- _What you are asked to do_
Below are records to return verbatim; the pictures are to be dropped.

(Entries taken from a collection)

[Start of section]

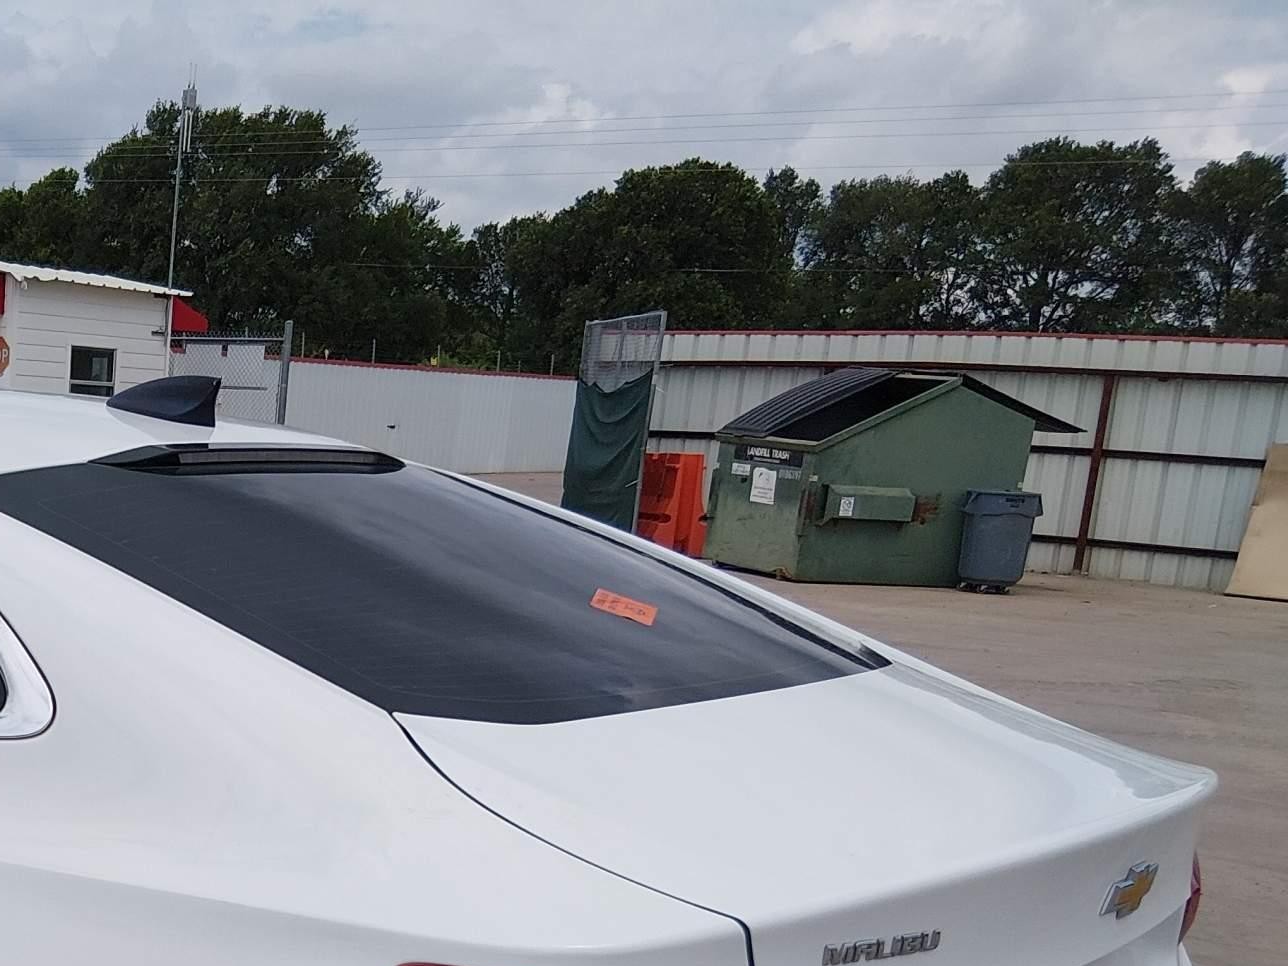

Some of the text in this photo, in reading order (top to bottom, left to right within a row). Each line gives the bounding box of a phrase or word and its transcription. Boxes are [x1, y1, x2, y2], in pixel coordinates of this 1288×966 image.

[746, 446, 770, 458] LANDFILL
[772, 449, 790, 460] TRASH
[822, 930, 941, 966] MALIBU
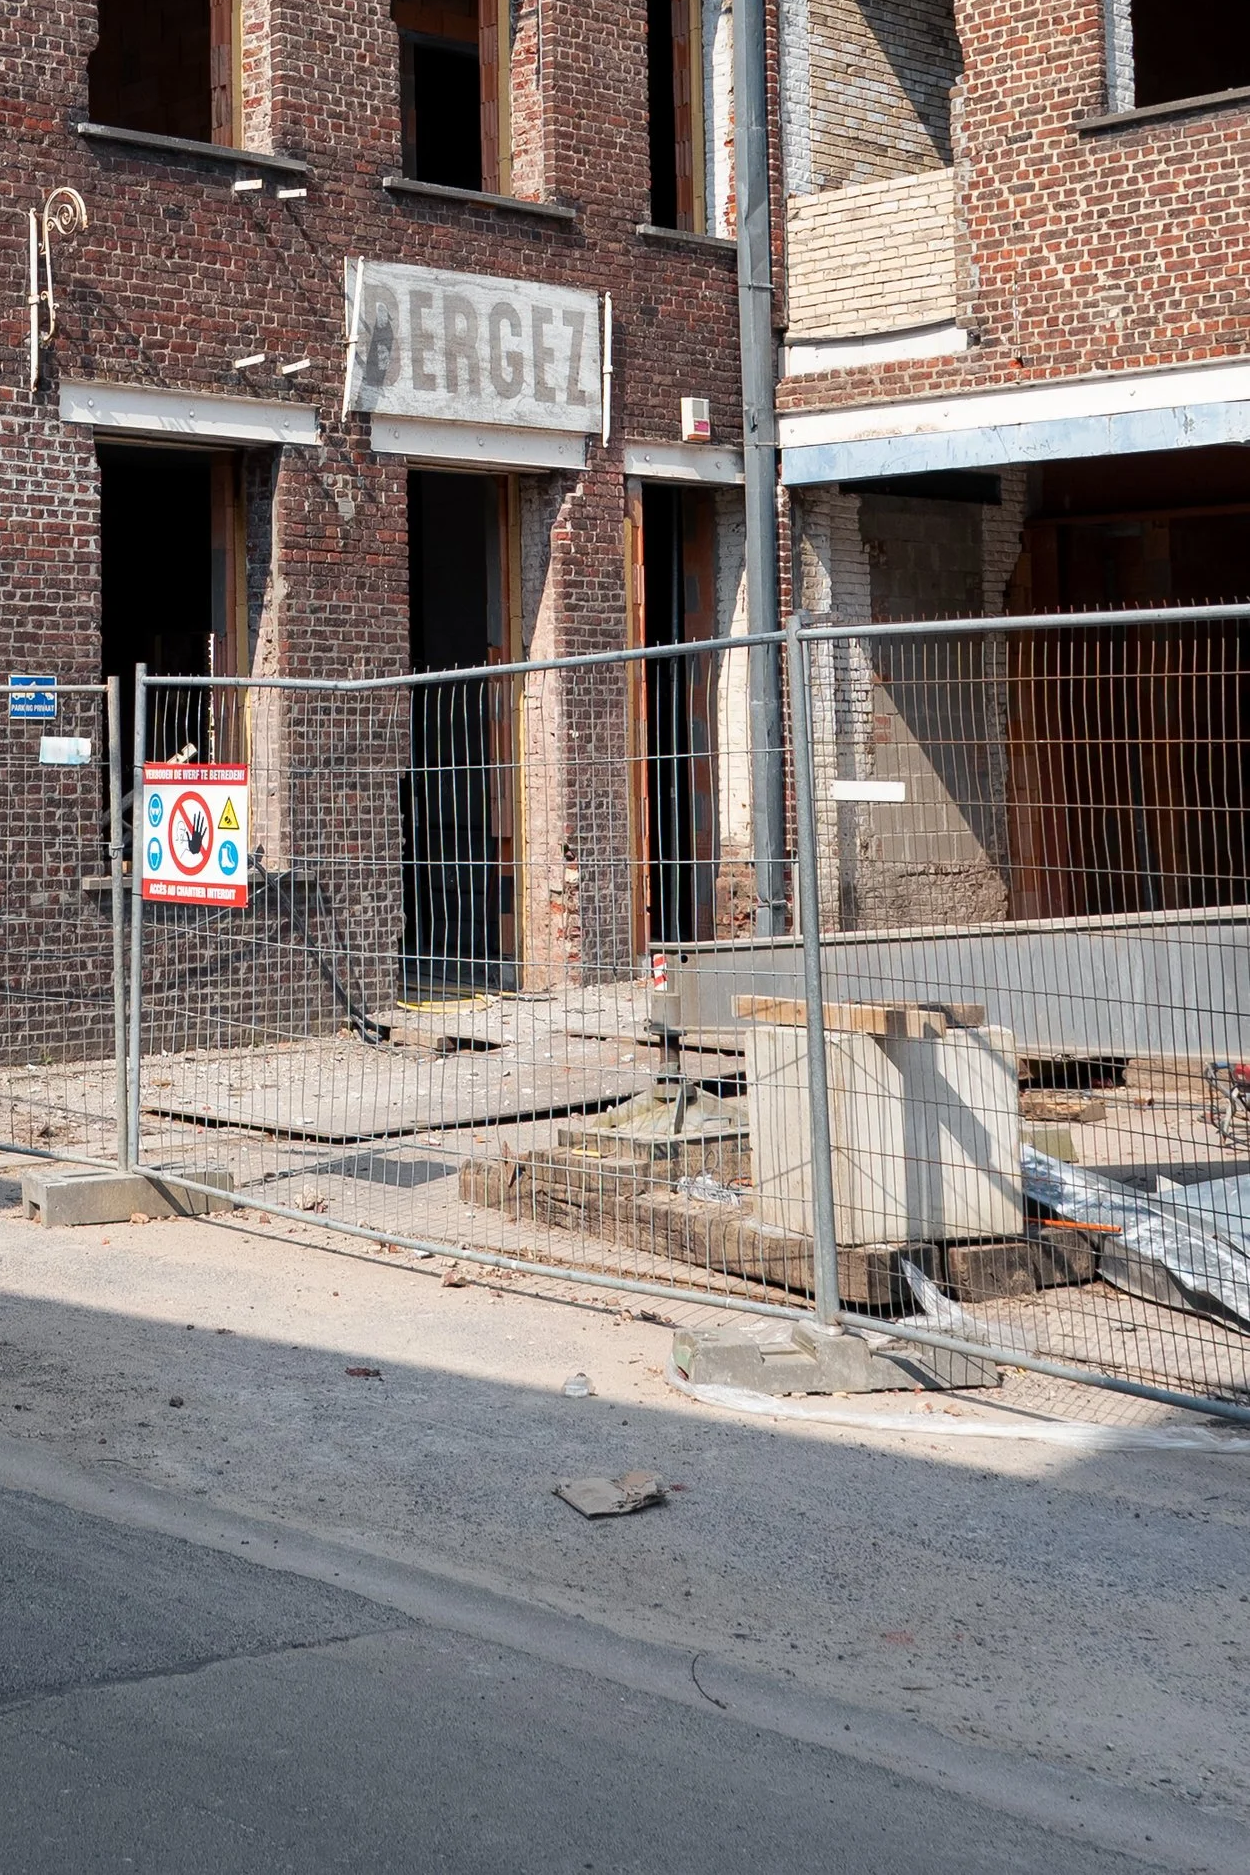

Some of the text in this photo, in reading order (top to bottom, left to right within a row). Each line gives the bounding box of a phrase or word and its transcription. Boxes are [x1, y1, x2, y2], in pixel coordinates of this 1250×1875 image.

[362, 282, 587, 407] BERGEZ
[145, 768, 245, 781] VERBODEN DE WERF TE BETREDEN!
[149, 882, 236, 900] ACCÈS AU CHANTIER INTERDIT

[End of section]

- _Task response_
Some of the text in this photo, in reading order (top to bottom, left to right within a row). Each line gives the bounding box of a phrase or word and its transcription. Boxes are [x1, y1, x2, y2], in pixel coordinates of this 1288×966 image.

[746, 446, 770, 458] LANDFILL
[772, 449, 790, 460] TRASH
[822, 930, 941, 966] MALIBU

Some of the text in this photo, in reading order (top to bottom, left to right within a row). Each line gives the bounding box of a phrase or word and its transcription. Boxes are [x1, y1, x2, y2], in pixel coordinates of this 1250×1875 image.

[362, 282, 587, 407] BERGEZ
[145, 768, 245, 781] VERBODEN DE WERF TE BETREDEN!
[149, 882, 236, 900] ACCÈS AU CHANTIER INTERDIT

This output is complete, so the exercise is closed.